Leaving out the images, return the data below exactly as it is written.

^^^^

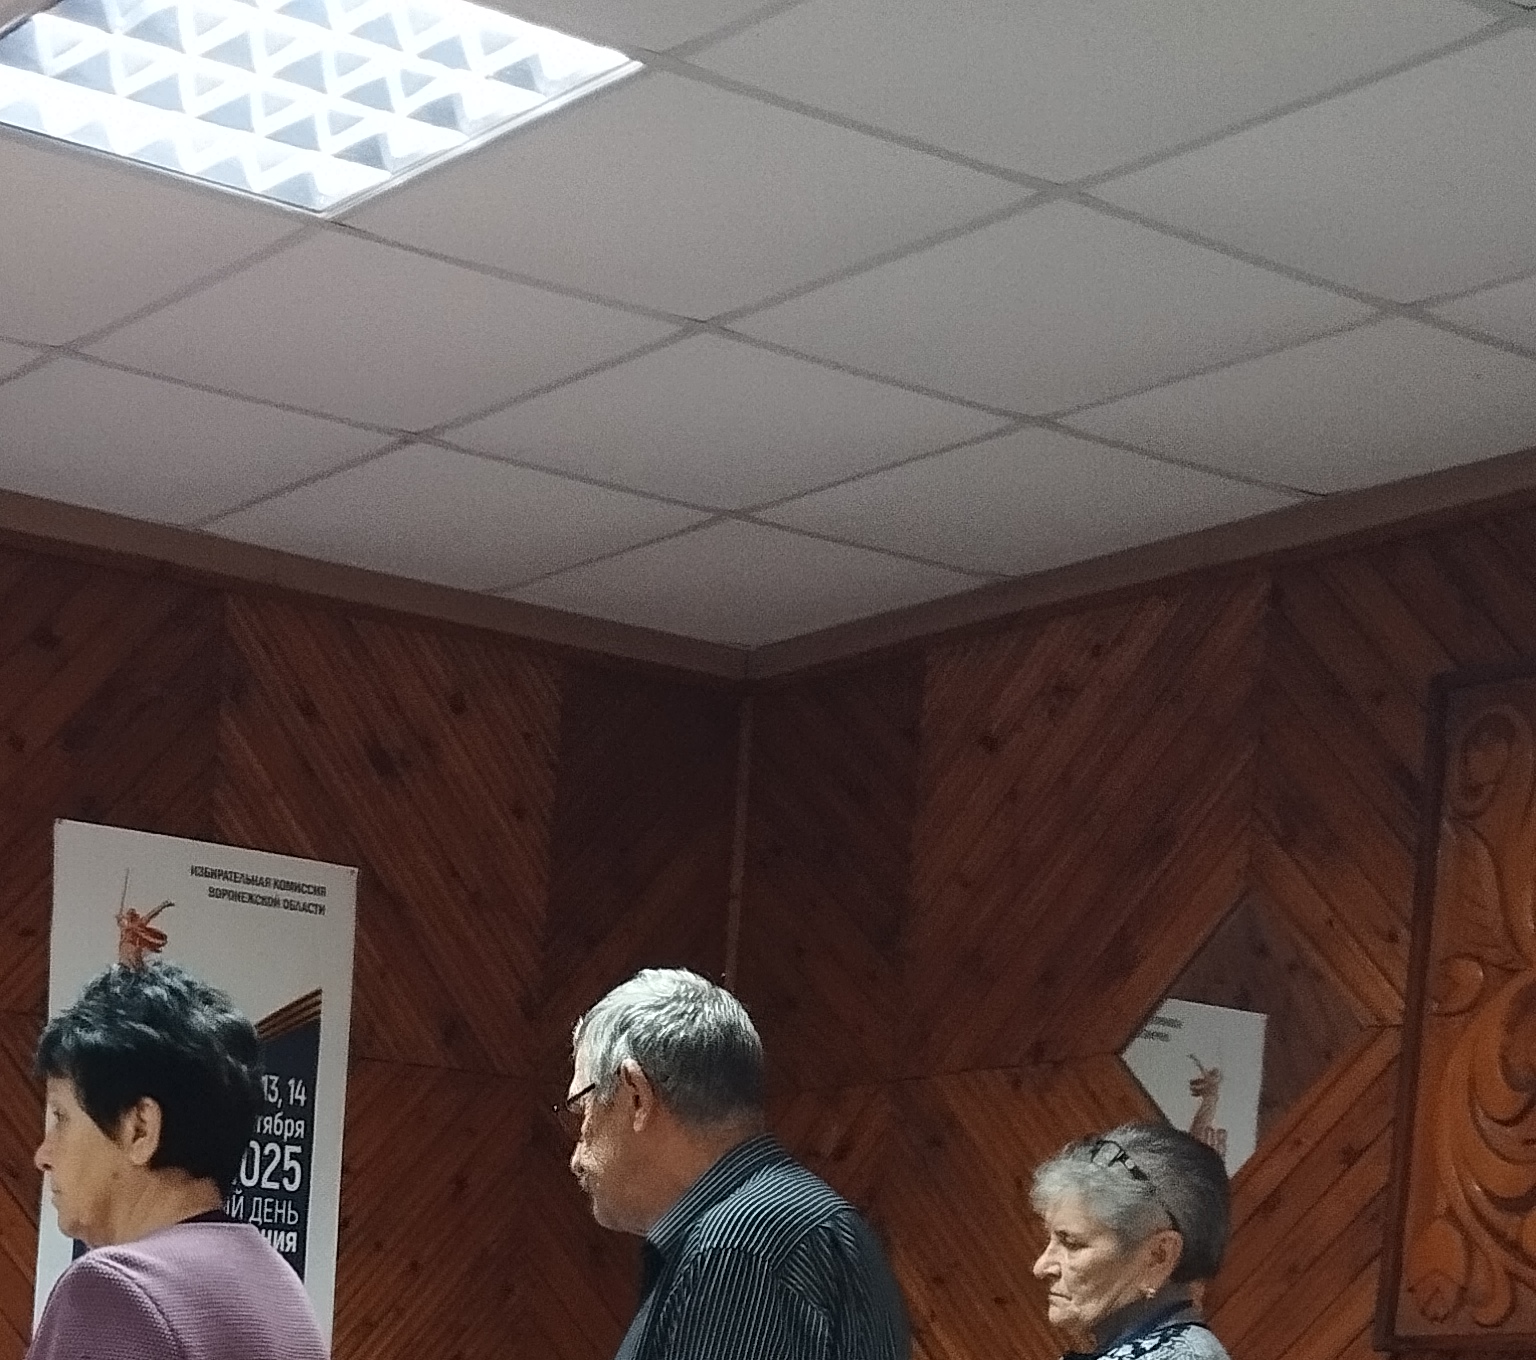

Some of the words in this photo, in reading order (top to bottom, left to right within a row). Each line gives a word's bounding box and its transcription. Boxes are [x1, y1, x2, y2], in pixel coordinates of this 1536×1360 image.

[190, 865, 272, 888] ИЗБИРАТЕЛЬНАЯ
[273, 877, 327, 897] КОМИССИЯ
[208, 886, 280, 908] ВОРОНЕЖСКОЙ
[283, 898, 326, 915] ОБЛАСТИ
[288, 1078, 307, 1107] 14
[255, 1112, 305, 1142] тября
[238, 1140, 302, 1192] 025
[249, 1197, 299, 1225] ДЕНЬ

^^^^

● **REPLY**
Some of the words in this photo, in reading order (top to bottom, left to right within a row). Each line gives a word's bounding box and its transcription. Boxes are [x1, y1, x2, y2], in pixel coordinates of this 1536×1360 image.

[190, 865, 272, 888] ИЗБИРАТЕЛЬНАЯ
[273, 877, 327, 897] КОМИССИЯ
[208, 886, 280, 908] ВОРОНЕЖСКОЙ
[283, 898, 326, 915] ОБЛАСТИ
[288, 1078, 307, 1107] 14
[255, 1112, 305, 1142] тября
[238, 1140, 302, 1192] 025
[249, 1197, 299, 1225] ДЕНЬ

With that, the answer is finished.